The best thing to keep in mind when trying to promote milk production is to eat a well-rounded diet. This includes lots of fruits and vegetables, as well as whole grains, protein, dairy and healthy fats.

Some people are surprised when they see fats and proteins recommended. But remember, you’re eating for two. That means you need to take in more calories than before. As long as these are from healthy sources, then you are sure to turn these nutrients into healthy breast milk for you baby.

Fruits

-Citrus fruits (lemons, limes, oranges, grapefruits, etc.)

-Melons

-Bananas

-Mangoes

-Apricots

Tip: If it’s the wintertime or you live somewhere where it’s hard to get fresh fruit, get them frozen to put in smoothies or as dried snacks for on on-the-go.

Vegetables

-Leafy greens

-Tomatoes

-Carrots

-Sweet potatoes

-Winter squash

Tip: Make a big salad for lunch that uses different kinds of vegetables. If you’re eating out, substitute sweet potato fries for regular fries.

Whole grains

-Oats

-Whole wheat bread

-Quinoa

-Whole grain cereals

-Barley

Tip: Look for cereals that have multiple types of whole grains.

Dairy

-Milk

-Regular yogurt

-Greek yogurt

-Cottage cheese

Tip: If you have dairy allergies, get fortified milk substitutes to make sure you get enough calcium and vitamin D.

Protein

-Beans

-Chicken

-Pork

-Lean beef

-Salmon

Tip: If you are vegetarian make sure you are getting meat substitutes that are high in protein.

Healthy fats

-Avocados

-Nuts

-Olive oil

-Grape seed oil

-Chia seeds

Tip: Use olive oil instead of vegetable oil for cooking. If you need a high heat burning oil for frying foods, use avocado oil.

Foods and Drinks to Avoid

Just as important as what foods you should eat are the ones you should avoid. There are all kinds of suggestions out there. Many of them are just old wives tales, but here are a few things that you should refrain from eating.
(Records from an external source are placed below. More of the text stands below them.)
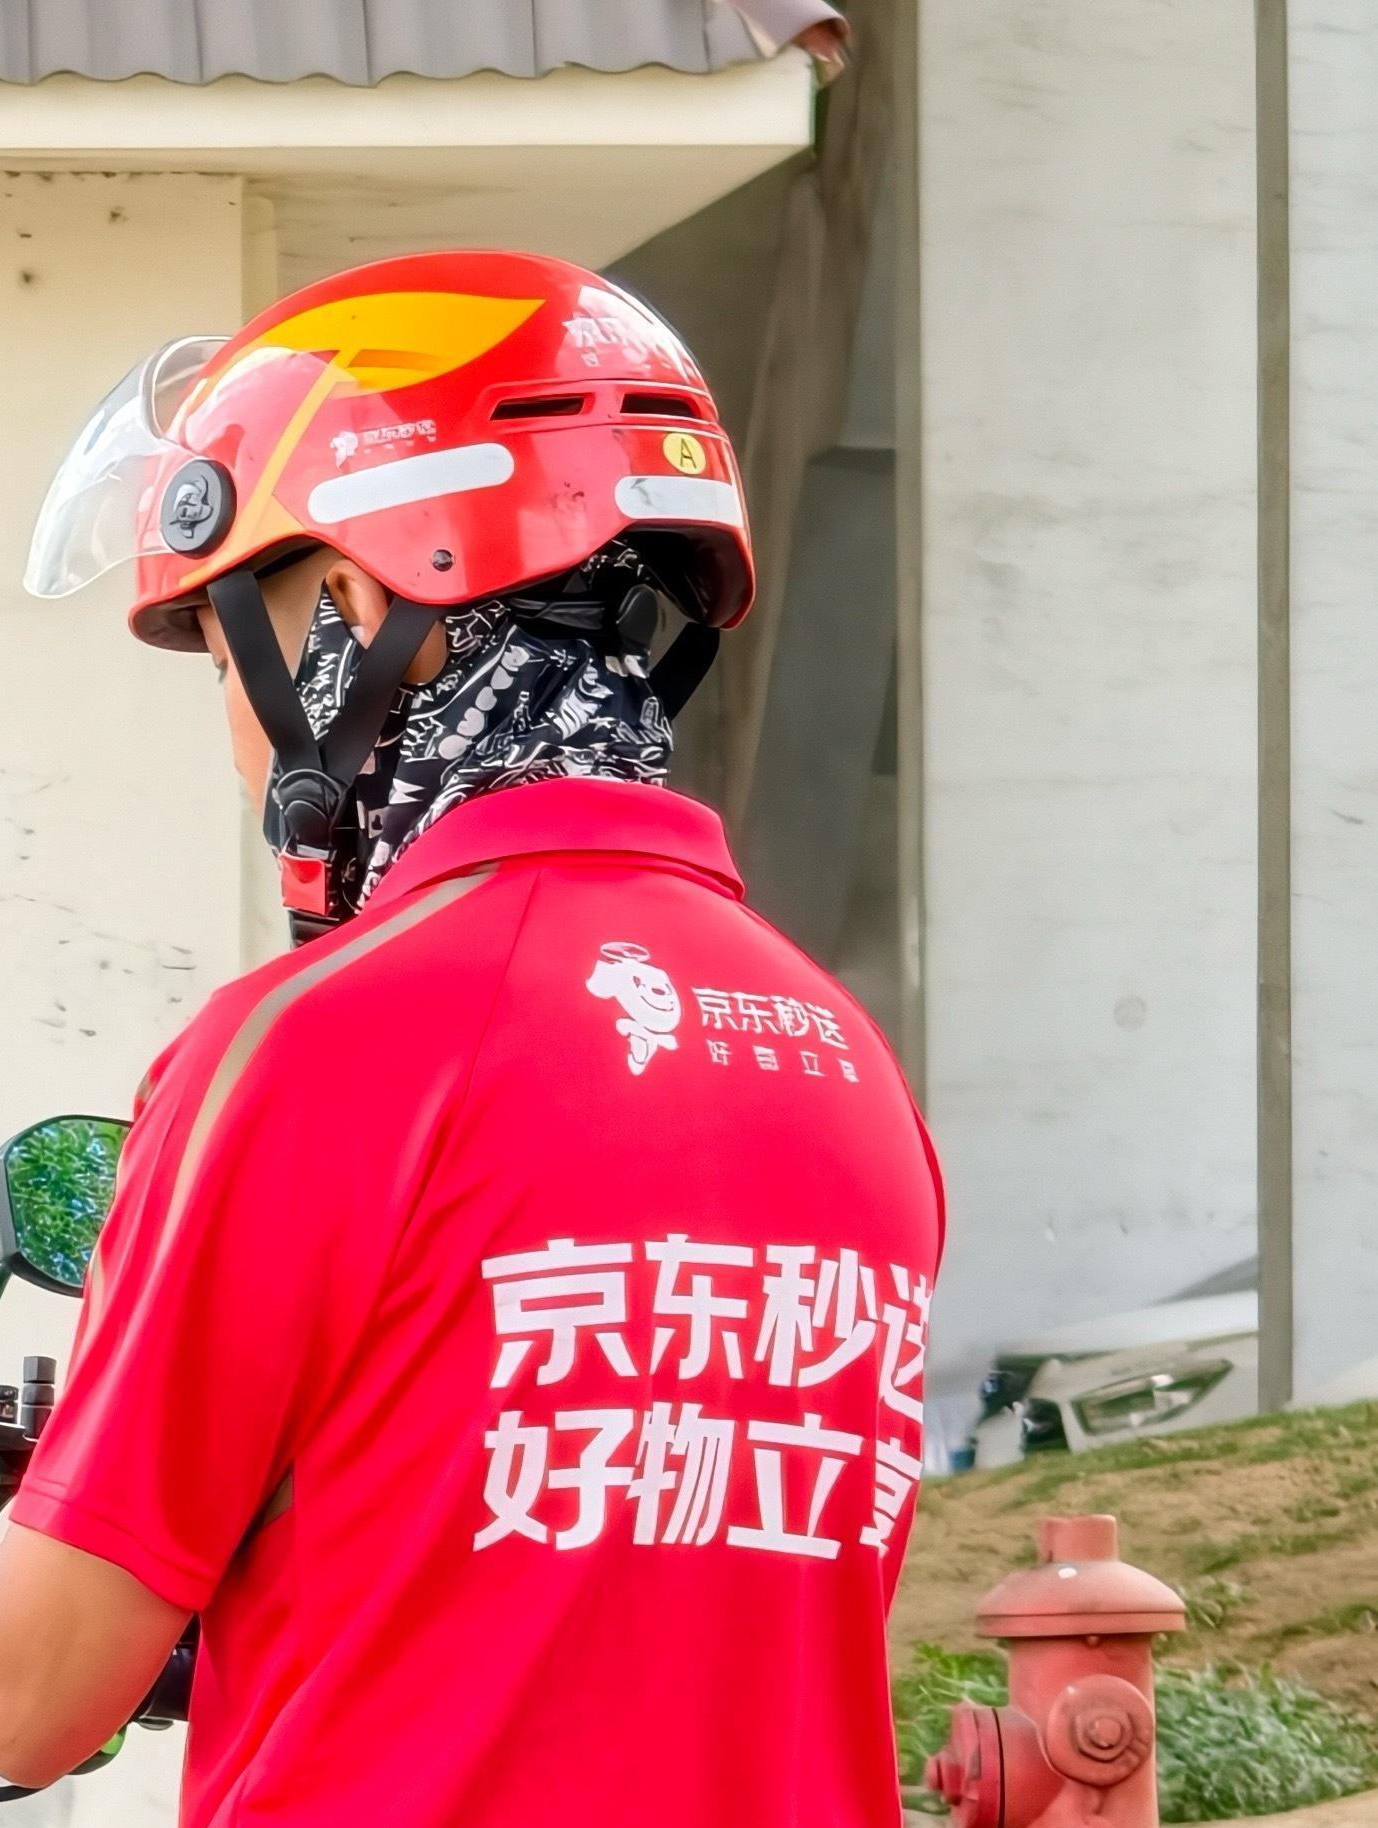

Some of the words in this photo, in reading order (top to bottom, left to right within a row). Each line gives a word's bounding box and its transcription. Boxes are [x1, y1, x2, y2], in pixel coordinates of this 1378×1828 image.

[678, 437, 698, 470] A
[691, 986, 850, 1050] 京东秒送
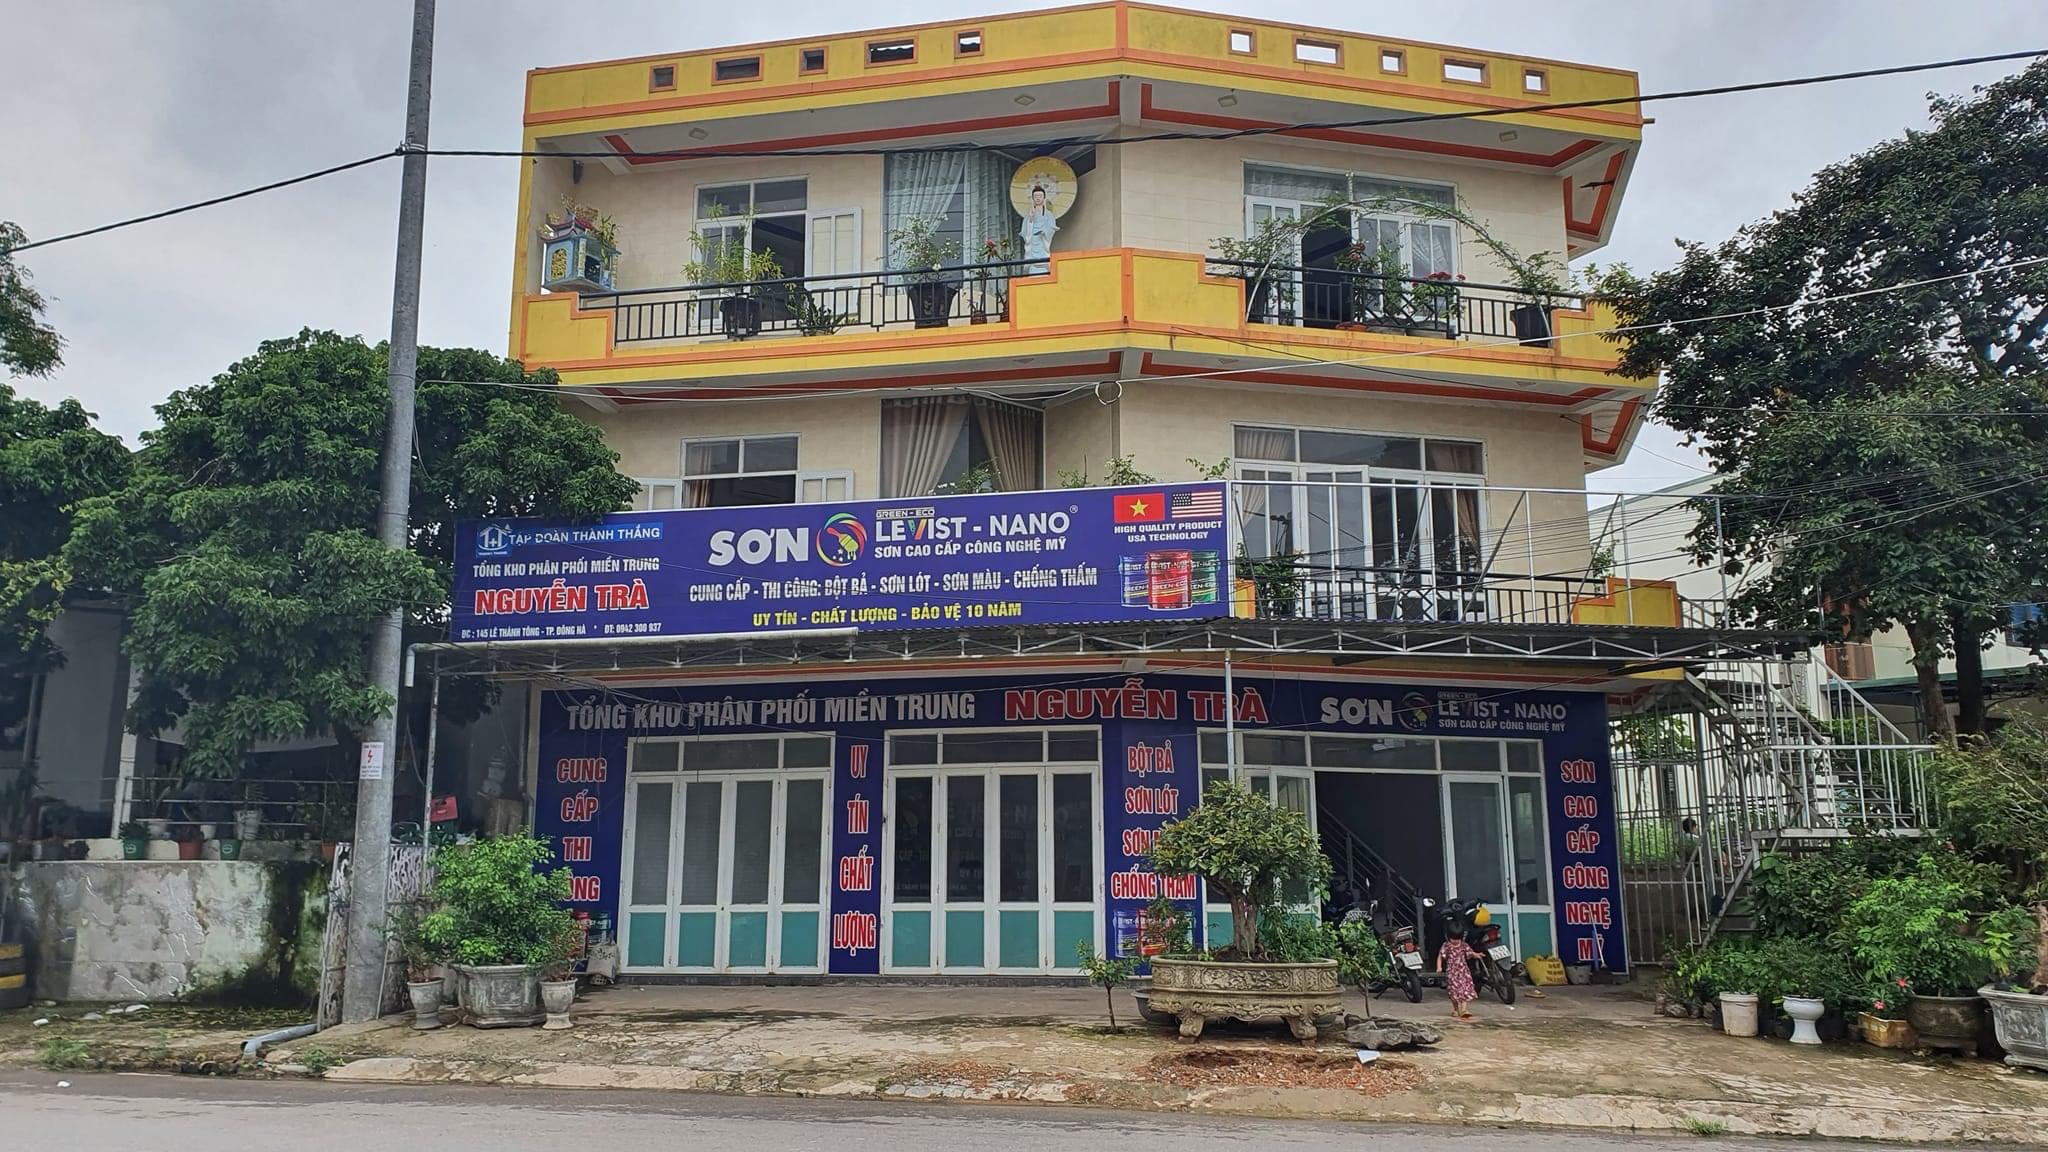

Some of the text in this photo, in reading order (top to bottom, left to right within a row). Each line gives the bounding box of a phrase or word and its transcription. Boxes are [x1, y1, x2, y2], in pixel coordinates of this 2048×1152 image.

[876, 510, 908, 519] GREEN
[915, 508, 935, 517] ECO
[535, 531, 569, 544] ĐOÀN
[573, 527, 614, 541] THÀNH
[617, 524, 661, 539] THẮNG
[875, 517, 967, 542] LEVIST
[1114, 521, 1222, 534] HIGH QUALITY PRODUCT
[1128, 532, 1209, 543] USA TECHNOLOGY
[708, 527, 809, 566] SƠN
[874, 536, 1067, 558] SƠN CAO CẤP CÔNG NGHỆ MỸ
[473, 556, 660, 577] TỔNG KHO PHÂN PHỐI MIỀN TRUNG
[689, 582, 722, 602] CUNG
[726, 576, 751, 601] CẤP
[762, 581, 781, 600] THI
[784, 577, 821, 598] CÔNG:
[824, 575, 848, 600] BỘT
[851, 572, 868, 595] BẢ
[880, 573, 905, 594] SƠN
[908, 571, 931, 593] LÓT
[943, 572, 968, 591] SƠN
[973, 568, 1001, 590] MÀU
[1013, 563, 1057, 589] CHỐNG
[1061, 561, 1098, 587] THẤM
[474, 578, 649, 615] NGUYỄN TRÀ
[753, 613, 771, 626] UY
[774, 610, 797, 626] TÍN
[811, 606, 847, 624] CHẤT
[851, 607, 897, 625] LƯỢNG
[911, 602, 939, 620] BẢO
[943, 601, 961, 621] VỆ
[966, 604, 983, 618] 10
[988, 602, 1022, 617] NĂM
[476, 628, 488, 638] 145
[499, 626, 521, 637] THÁNH
[522, 626, 540, 637] TÔNG
[576, 624, 586, 635] HÀ
[616, 623, 634, 634] 0942
[635, 622, 648, 633] 300
[567, 677, 1269, 731] TỔNG KHO PHÂN PHỐI MIỀN TRUNG NGUYỄN TRÀ
[1320, 696, 1393, 726] SƠN
[1514, 703, 1567, 720] NANO
[1438, 718, 1457, 728] SƠN
[1460, 719, 1477, 729] CAO
[1480, 717, 1497, 729] CẤP
[1500, 719, 1524, 731] CÔNG
[1526, 720, 1549, 732] NGHỆ
[556, 758, 607, 783] CUNG
[850, 744, 869, 779] UY
[1127, 739, 1174, 778] BỘT BẢ
[1560, 758, 1596, 784] SƠN
[561, 788, 598, 822] CẤP
[1125, 783, 1179, 815] SƠN LÓT
[1563, 795, 1598, 818] CAO
[847, 793, 870, 834] TÍN
[562, 836, 593, 862] THI
[1122, 827, 1153, 857] SƠN
[1566, 823, 1600, 854] CẤP
[839, 844, 874, 892] CHẤT
[1562, 862, 1610, 889] CÔNG
[1111, 864, 1157, 901] CHỐNG
[1565, 897, 1612, 930] NGHỆ
[832, 910, 877, 957] LƯỢNG
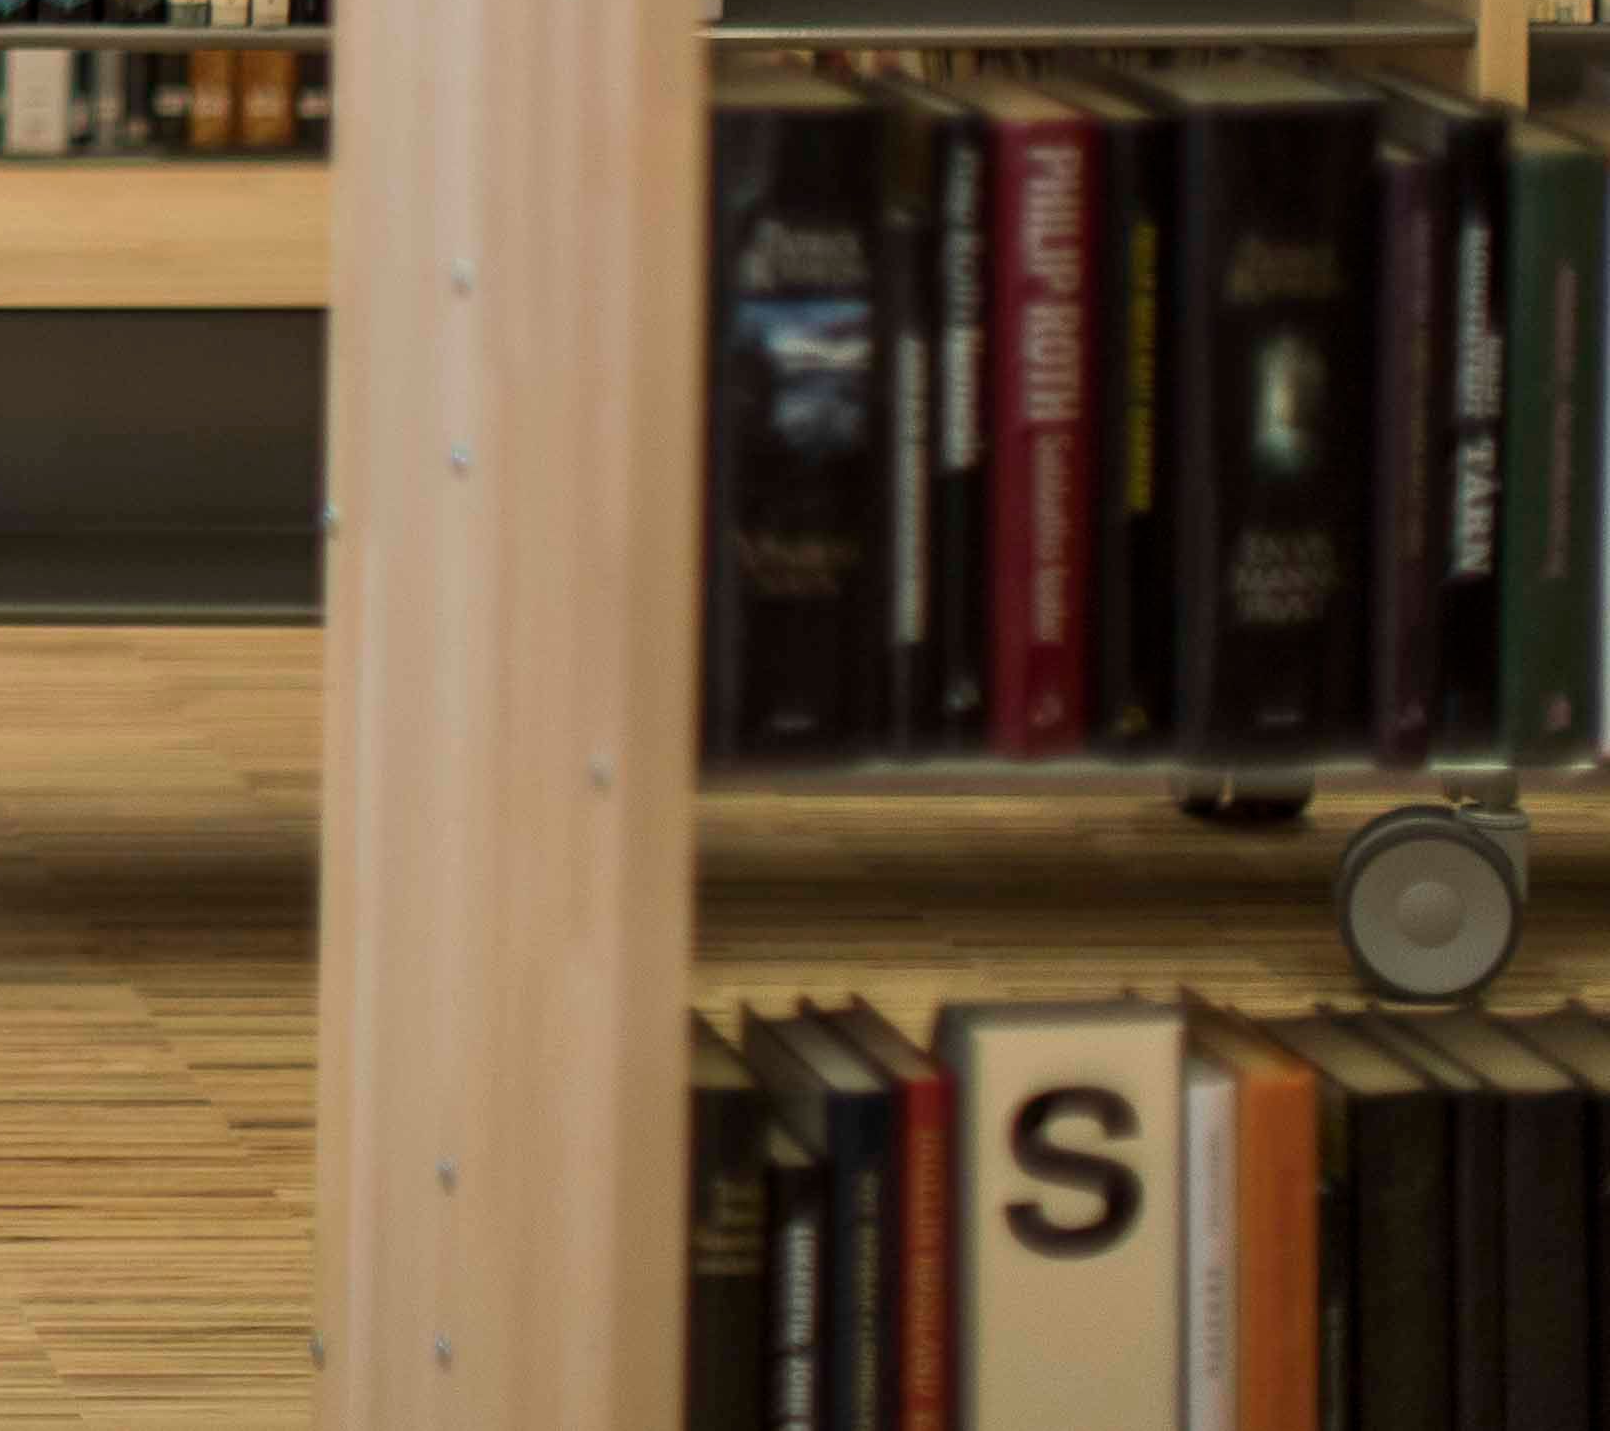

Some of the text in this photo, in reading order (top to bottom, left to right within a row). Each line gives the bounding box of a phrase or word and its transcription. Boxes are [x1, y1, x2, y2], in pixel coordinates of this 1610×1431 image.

Raw/under-cooked meat and seafood

This one can be tough for sushi lovers and those who like to order their steaks rare. But raw and under-cooked meats and seafood can contain unhealthy organisms for you and your child, so it’s best to avoid these.

Fish with high levels of mercury

While some fish are a great choice for protein, others should be avoided. High levels of mercury are not good for newborn babies. Avoid fish such as ahi tuna, swordfish and mackerel that contain high levels of mercury.

Alcohol

Avoid alcoholic drinks if possible for breastfeeding mothers. If you do have an alcoholic drink, make sure to have reserved breast milk stored for your kid. Pump and discard milk for at least 12 hours after consuming alcohol.

High fructose corn syrup

Avoid high fructose corn syrup whenever possible. This ingredient is found in all kinds of foods and drinks, especially sugary snacks and sodas.

If you need something for your sweet tooth, switch to alternatives that are sweetened with real cane sugar, honey or other natural sweeteners.